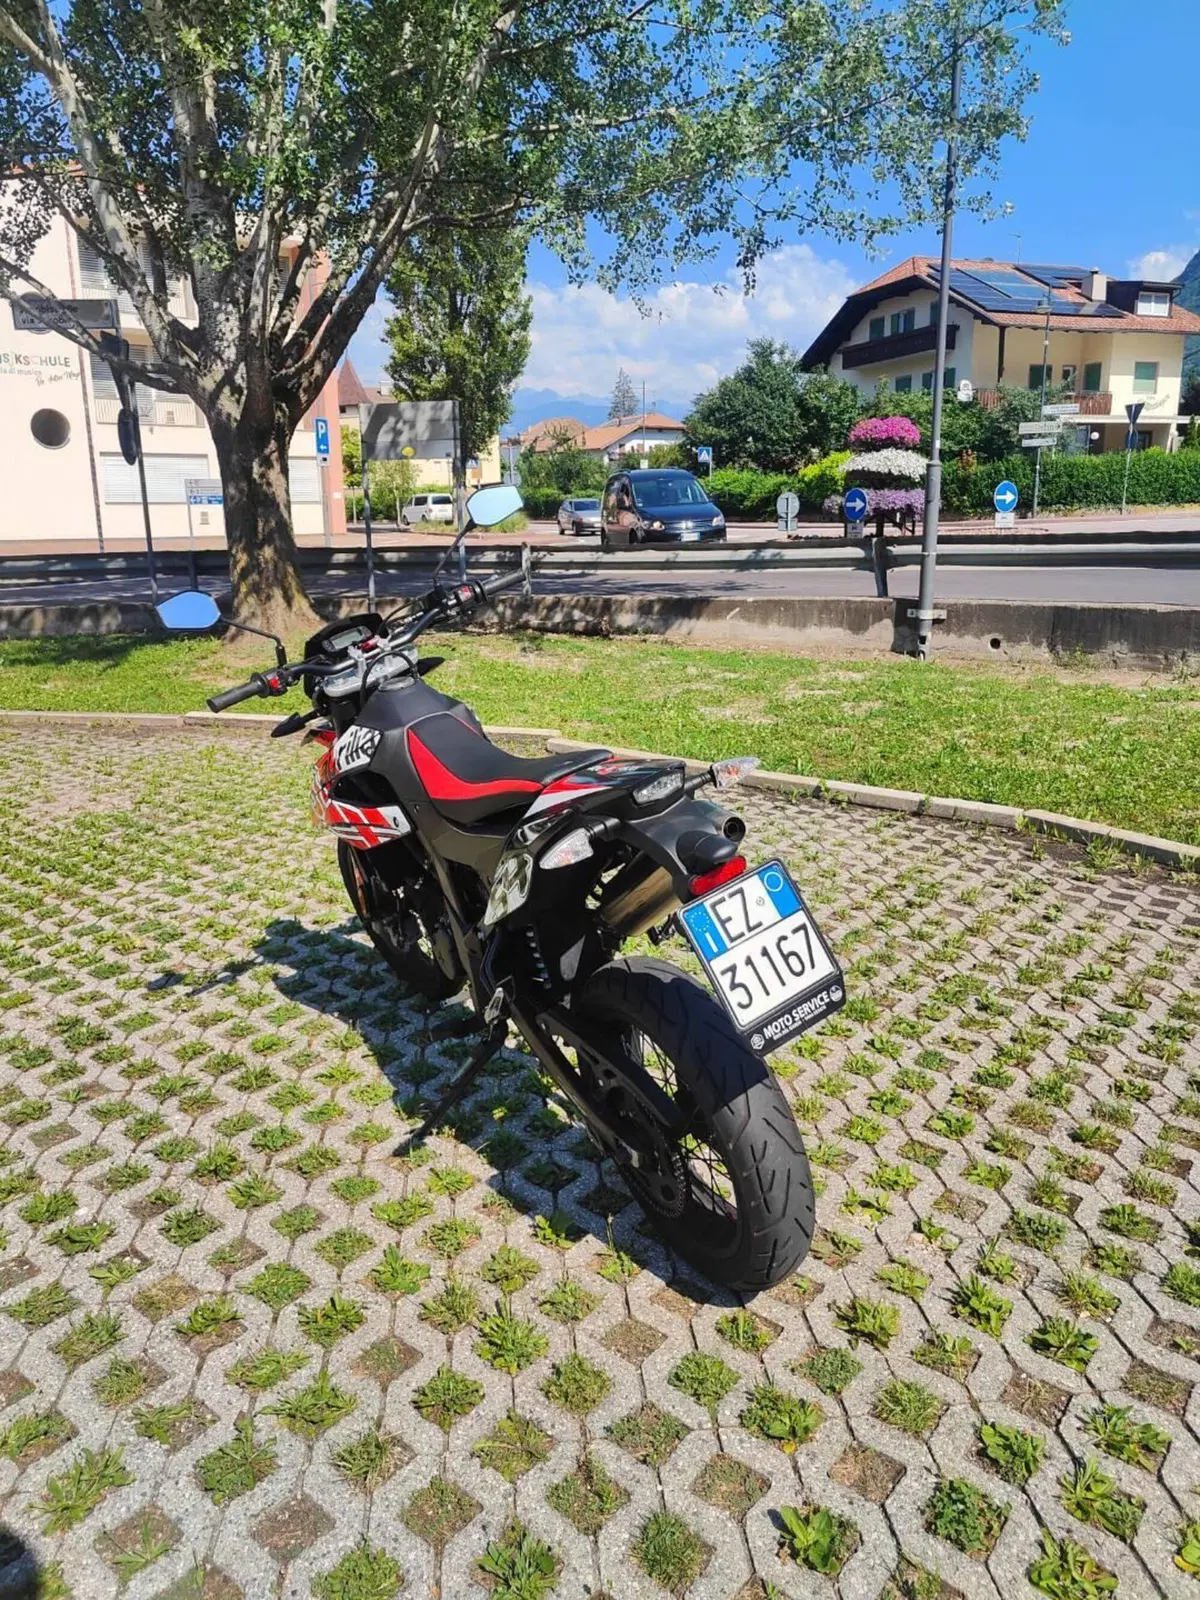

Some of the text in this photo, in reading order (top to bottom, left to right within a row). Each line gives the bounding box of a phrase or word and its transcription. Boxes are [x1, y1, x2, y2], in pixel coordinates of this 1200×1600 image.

[317, 421, 326, 439] P
[709, 886, 763, 944] EZ
[720, 922, 816, 1010] 31167
[763, 1014, 792, 1040] MOTO
[792, 990, 831, 1021] SERVICE
- - - - - - -
▶ [WHAT IS REQUIRED]
Where a picture appears, skip it and copy the rest of the data word for word.

▶ [REPLY]
Some of the text in this photo, in reading order (top to bottom, left to right within a row). Each line gives the bounding box of a phrase or word and its transcription. Boxes are [x1, y1, x2, y2], in pixel coordinates of this 1200×1600 image.

[317, 421, 326, 439] P
[709, 886, 763, 944] EZ
[720, 922, 816, 1010] 31167
[763, 1014, 792, 1040] MOTO
[792, 990, 831, 1021] SERVICE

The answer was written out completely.